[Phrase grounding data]

####

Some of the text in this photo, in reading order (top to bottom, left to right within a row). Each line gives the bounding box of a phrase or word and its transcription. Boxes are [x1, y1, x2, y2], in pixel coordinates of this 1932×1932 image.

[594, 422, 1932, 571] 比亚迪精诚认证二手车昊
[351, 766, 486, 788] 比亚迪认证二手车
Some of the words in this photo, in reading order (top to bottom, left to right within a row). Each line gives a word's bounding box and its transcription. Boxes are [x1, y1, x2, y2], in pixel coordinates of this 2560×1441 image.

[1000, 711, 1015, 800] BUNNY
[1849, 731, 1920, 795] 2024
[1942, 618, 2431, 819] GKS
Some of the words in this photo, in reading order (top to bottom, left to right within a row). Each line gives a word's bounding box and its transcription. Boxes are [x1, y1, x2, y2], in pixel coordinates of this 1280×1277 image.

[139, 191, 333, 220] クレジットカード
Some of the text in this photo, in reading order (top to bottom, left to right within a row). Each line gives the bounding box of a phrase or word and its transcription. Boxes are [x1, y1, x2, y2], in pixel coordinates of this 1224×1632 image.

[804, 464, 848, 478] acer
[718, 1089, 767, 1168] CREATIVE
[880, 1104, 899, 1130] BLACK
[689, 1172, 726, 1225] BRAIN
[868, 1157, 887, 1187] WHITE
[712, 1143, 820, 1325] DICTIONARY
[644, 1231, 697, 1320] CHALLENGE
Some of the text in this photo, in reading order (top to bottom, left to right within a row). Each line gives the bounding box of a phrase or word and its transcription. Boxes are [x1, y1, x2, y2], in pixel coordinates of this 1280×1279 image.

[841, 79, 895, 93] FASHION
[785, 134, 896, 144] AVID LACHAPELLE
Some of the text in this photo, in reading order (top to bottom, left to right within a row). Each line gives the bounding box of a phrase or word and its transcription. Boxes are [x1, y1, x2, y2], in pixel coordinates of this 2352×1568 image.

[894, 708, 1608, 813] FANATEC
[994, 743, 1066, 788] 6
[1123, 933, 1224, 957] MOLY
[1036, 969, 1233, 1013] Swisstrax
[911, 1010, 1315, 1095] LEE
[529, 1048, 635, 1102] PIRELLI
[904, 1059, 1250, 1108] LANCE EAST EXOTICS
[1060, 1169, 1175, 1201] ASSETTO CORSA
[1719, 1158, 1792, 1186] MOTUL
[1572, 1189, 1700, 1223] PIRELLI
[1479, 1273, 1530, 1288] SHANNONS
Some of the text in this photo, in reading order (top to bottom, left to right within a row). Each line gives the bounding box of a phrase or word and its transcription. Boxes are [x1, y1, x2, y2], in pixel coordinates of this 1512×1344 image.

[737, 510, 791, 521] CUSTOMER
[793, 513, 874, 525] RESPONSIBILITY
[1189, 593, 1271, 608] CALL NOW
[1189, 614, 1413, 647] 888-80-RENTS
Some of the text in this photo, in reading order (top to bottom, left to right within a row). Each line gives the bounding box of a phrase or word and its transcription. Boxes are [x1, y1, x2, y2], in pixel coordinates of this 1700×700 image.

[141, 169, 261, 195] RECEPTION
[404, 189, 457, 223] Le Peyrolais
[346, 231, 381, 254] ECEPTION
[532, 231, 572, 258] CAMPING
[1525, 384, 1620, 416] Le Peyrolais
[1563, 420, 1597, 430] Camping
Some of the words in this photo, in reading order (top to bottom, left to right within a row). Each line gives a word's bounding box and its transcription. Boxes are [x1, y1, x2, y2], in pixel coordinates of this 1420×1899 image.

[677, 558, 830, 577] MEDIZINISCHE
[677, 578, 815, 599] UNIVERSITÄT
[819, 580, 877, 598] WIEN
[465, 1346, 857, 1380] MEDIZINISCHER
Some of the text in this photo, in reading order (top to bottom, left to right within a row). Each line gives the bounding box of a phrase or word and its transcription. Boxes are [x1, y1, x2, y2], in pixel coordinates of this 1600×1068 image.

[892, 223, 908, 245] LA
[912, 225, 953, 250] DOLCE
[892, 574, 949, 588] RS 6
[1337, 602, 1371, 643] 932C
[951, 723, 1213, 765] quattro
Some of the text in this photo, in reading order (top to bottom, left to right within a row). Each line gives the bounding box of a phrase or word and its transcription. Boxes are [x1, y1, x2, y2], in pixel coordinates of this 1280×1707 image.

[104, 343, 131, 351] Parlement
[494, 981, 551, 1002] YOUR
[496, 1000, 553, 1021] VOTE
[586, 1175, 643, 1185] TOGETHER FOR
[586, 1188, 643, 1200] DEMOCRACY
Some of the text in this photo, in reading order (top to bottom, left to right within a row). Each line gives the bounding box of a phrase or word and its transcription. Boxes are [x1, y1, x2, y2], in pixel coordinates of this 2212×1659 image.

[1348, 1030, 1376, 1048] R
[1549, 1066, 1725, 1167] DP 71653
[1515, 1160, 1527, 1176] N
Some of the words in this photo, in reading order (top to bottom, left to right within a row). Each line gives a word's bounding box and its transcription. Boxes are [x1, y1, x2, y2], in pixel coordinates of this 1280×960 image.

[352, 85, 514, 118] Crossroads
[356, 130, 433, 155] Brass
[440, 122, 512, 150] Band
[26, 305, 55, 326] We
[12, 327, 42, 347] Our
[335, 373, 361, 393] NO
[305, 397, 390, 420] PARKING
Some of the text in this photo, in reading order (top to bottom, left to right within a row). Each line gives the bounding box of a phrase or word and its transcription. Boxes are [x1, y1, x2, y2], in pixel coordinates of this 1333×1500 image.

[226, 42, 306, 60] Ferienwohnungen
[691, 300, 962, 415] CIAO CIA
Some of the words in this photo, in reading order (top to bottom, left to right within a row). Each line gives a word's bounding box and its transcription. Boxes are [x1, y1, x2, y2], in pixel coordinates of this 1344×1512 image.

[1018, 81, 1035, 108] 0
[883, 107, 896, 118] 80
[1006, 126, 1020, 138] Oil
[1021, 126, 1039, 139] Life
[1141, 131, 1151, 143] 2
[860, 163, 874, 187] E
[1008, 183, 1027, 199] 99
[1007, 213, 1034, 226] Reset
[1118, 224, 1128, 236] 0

####

→ Problem details
Copy all of the data exactly. Skip nothing.

→ Response area
Some of the text in this photo, in reading order (top to bottom, left to right within a row). Each line gives the bounding box of a phrase or word and its transcription. Boxes are [x1, y1, x2, y2], in pixel coordinates of this 1932×1932 image.

[594, 422, 1932, 571] 比亚迪精诚认证二手车昊
[351, 766, 486, 788] 比亚迪认证二手车
Some of the words in this photo, in reading order (top to bottom, left to right within a row). Each line gives a word's bounding box and its transcription. Boxes are [x1, y1, x2, y2], in pixel coordinates of this 2560×1441 image.

[1000, 711, 1015, 800] BUNNY
[1849, 731, 1920, 795] 2024
[1942, 618, 2431, 819] GKS
Some of the words in this photo, in reading order (top to bottom, left to right within a row). Each line gives a word's bounding box and its transcription. Boxes are [x1, y1, x2, y2], in pixel coordinates of this 1280×1277 image.

[139, 191, 333, 220] クレジットカード
Some of the text in this photo, in reading order (top to bottom, left to right within a row). Each line gives the bounding box of a phrase or word and its transcription. Boxes are [x1, y1, x2, y2], in pixel coordinates of this 1224×1632 image.

[804, 464, 848, 478] acer
[718, 1089, 767, 1168] CREATIVE
[880, 1104, 899, 1130] BLACK
[689, 1172, 726, 1225] BRAIN
[868, 1157, 887, 1187] WHITE
[712, 1143, 820, 1325] DICTIONARY
[644, 1231, 697, 1320] CHALLENGE
Some of the text in this photo, in reading order (top to bottom, left to right within a row). Each line gives the bounding box of a phrase or word and its transcription. Boxes are [x1, y1, x2, y2], in pixel coordinates of this 1280×1279 image.

[841, 79, 895, 93] FASHION
[785, 134, 896, 144] AVID LACHAPELLE
Some of the text in this photo, in reading order (top to bottom, left to right within a row). Each line gives the bounding box of a phrase or word and its transcription. Boxes are [x1, y1, x2, y2], in pixel coordinates of this 2352×1568 image.

[894, 708, 1608, 813] FANATEC
[994, 743, 1066, 788] 6
[1123, 933, 1224, 957] MOLY
[1036, 969, 1233, 1013] Swisstrax
[911, 1010, 1315, 1095] LEE
[529, 1048, 635, 1102] PIRELLI
[904, 1059, 1250, 1108] LANCE EAST EXOTICS
[1060, 1169, 1175, 1201] ASSETTO CORSA
[1719, 1158, 1792, 1186] MOTUL
[1572, 1189, 1700, 1223] PIRELLI
[1479, 1273, 1530, 1288] SHANNONS
Some of the text in this photo, in reading order (top to bottom, left to right within a row). Each line gives the bounding box of a phrase or word and its transcription. Boxes are [x1, y1, x2, y2], in pixel coordinates of this 1512×1344 image.

[737, 510, 791, 521] CUSTOMER
[793, 513, 874, 525] RESPONSIBILITY
[1189, 593, 1271, 608] CALL NOW
[1189, 614, 1413, 647] 888-80-RENTS
Some of the text in this photo, in reading order (top to bottom, left to right within a row). Each line gives the bounding box of a phrase or word and its transcription. Boxes are [x1, y1, x2, y2], in pixel coordinates of this 1700×700 image.

[141, 169, 261, 195] RECEPTION
[404, 189, 457, 223] Le Peyrolais
[346, 231, 381, 254] ECEPTION
[532, 231, 572, 258] CAMPING
[1525, 384, 1620, 416] Le Peyrolais
[1563, 420, 1597, 430] Camping
Some of the words in this photo, in reading order (top to bottom, left to right within a row). Each line gives a word's bounding box and its transcription. Boxes are [x1, y1, x2, y2], in pixel coordinates of this 1420×1899 image.

[677, 558, 830, 577] MEDIZINISCHE
[677, 578, 815, 599] UNIVERSITÄT
[819, 580, 877, 598] WIEN
[465, 1346, 857, 1380] MEDIZINISCHER
Some of the text in this photo, in reading order (top to bottom, left to right within a row). Each line gives the bounding box of a phrase or word and its transcription. Boxes are [x1, y1, x2, y2], in pixel coordinates of this 1600×1068 image.

[892, 223, 908, 245] LA
[912, 225, 953, 250] DOLCE
[892, 574, 949, 588] RS 6
[1337, 602, 1371, 643] 932C
[951, 723, 1213, 765] quattro
Some of the text in this photo, in reading order (top to bottom, left to right within a row). Each line gives the bounding box of a phrase or word and its transcription. Boxes are [x1, y1, x2, y2], in pixel coordinates of this 1280×1707 image.

[104, 343, 131, 351] Parlement
[494, 981, 551, 1002] YOUR
[496, 1000, 553, 1021] VOTE
[586, 1175, 643, 1185] TOGETHER FOR
[586, 1188, 643, 1200] DEMOCRACY
Some of the text in this photo, in reading order (top to bottom, left to right within a row). Each line gives the bounding box of a phrase or word and its transcription. Boxes are [x1, y1, x2, y2], in pixel coordinates of this 2212×1659 image.

[1348, 1030, 1376, 1048] R
[1549, 1066, 1725, 1167] DP 71653
[1515, 1160, 1527, 1176] N
Some of the words in this photo, in reading order (top to bottom, left to right within a row). Each line gives a word's bounding box and its transcription. Boxes are [x1, y1, x2, y2], in pixel coordinates of this 1280×960 image.

[352, 85, 514, 118] Crossroads
[356, 130, 433, 155] Brass
[440, 122, 512, 150] Band
[26, 305, 55, 326] We
[12, 327, 42, 347] Our
[335, 373, 361, 393] NO
[305, 397, 390, 420] PARKING
Some of the text in this photo, in reading order (top to bottom, left to right within a row). Each line gives the bounding box of a phrase or word and its transcription. Boxes are [x1, y1, x2, y2], in pixel coordinates of this 1333×1500 image.

[226, 42, 306, 60] Ferienwohnungen
[691, 300, 962, 415] CIAO CIA
Some of the words in this photo, in reading order (top to bottom, left to right within a row). Each line gives a word's bounding box and its transcription. Boxes are [x1, y1, x2, y2], in pixel coordinates of this 1344×1512 image.

[1018, 81, 1035, 108] 0
[883, 107, 896, 118] 80
[1006, 126, 1020, 138] Oil
[1021, 126, 1039, 139] Life
[1141, 131, 1151, 143] 2
[860, 163, 874, 187] E
[1008, 183, 1027, 199] 99
[1007, 213, 1034, 226] Reset
[1118, 224, 1128, 236] 0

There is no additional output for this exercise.